A professor of Economics at the Olabisi
Onabanjo University, Sheriffdeen Tella, is, however, of the opinion that
a further devaluation of the naira will not be in the interest of an
import-dependent nation like Nigeria.
He said countries like China allowed
official devaluation of their currencies because they had several
products to be exported in order to earn forex.
Tella said while such a move could be
good for export-oriented countries like China, it would be
counterproductive for an import-dependent nation like Nigeria.
“Do we have the products to export
abroad if we are to devalue the naira? Devaluation will, no doubt, make
exports to be more competitive in the international market, but we don’t
have the products to be exported for now. This is why devaluation may
not be good for Nigeria at this moment. China will allow its currency to
be devalued because it has the products to be exported,” he explained.
Chukwu, however, disagreed with Tella on
this position, maintaining that devaluation of the currency was good
for an import-dependent economy like Nigeria.
He said, “Actually, naira devaluation is
good for the economy; it will not hurt an import-dependent economy like
ours the way some people have perceived it. When we devalue the naira,
it will make some imported goods to be so expensive that some local
substitutes will begin to spring up; this will help to stimulate
domestic production.
“Again, when we devalue, it makes our
exports as a country to be cheaper such that they will become more
competitive in the international market.”

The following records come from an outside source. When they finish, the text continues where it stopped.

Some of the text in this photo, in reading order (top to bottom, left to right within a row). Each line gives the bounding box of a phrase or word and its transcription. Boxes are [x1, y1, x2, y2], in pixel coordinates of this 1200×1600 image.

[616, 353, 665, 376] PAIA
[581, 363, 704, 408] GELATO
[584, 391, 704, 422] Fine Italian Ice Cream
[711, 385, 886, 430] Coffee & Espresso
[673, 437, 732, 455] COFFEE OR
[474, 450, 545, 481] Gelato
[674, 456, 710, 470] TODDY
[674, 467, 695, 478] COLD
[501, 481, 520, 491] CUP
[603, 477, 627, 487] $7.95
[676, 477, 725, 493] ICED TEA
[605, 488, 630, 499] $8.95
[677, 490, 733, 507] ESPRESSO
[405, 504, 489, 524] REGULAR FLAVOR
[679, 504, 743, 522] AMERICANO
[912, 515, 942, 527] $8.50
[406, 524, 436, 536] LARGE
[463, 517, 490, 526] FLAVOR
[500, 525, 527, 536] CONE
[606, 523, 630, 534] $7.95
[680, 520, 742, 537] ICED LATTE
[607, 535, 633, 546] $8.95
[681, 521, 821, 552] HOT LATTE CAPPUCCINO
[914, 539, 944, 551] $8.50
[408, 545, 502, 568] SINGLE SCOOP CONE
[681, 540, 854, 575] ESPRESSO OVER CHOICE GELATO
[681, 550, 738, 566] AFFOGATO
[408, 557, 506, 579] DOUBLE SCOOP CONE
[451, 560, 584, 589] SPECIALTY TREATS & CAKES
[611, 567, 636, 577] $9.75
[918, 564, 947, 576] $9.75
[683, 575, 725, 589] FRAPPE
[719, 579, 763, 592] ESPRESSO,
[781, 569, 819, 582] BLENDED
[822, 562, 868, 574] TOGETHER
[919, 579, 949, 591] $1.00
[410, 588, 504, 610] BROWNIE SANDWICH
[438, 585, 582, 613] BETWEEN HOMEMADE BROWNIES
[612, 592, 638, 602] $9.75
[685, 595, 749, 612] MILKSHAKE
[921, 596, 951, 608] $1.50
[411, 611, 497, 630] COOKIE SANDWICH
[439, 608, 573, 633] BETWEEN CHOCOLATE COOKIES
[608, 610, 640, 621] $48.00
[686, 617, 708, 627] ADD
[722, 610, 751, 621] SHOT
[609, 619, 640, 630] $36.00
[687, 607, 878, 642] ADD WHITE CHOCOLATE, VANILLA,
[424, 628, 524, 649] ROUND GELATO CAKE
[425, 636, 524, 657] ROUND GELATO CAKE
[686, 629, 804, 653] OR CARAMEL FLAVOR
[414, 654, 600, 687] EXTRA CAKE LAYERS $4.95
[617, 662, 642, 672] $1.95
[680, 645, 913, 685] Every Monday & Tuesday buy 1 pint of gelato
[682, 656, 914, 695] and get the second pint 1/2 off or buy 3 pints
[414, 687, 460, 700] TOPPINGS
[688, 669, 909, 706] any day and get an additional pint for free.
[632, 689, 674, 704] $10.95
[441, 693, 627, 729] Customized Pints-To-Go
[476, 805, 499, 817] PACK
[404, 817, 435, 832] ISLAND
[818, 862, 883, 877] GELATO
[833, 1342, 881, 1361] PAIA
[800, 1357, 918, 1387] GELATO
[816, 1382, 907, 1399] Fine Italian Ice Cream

Last year, the former Governor of CBN,
Mallam Lamido Sanusi, said Nigeria needed to devalue the naira because
the CBN might not be able to sustain its current forex control polices
on the long run, especially in the face of the depleting forex earnings
by the nation.
Another former CBN Governor, Prof.
Chukwuma Soludo, in a paper presented at a forum last year, said history
had shown that forex restriction had not worked in many countries in
the past.
While the naira sells for 306 against
the dollar at the parallel market currently, the CBN still keeps the
official rate at between 197 and 199.
Economists said the widening gap between
the official and parallel market rates would continue to breed all
manner of sharp practices in the forex market.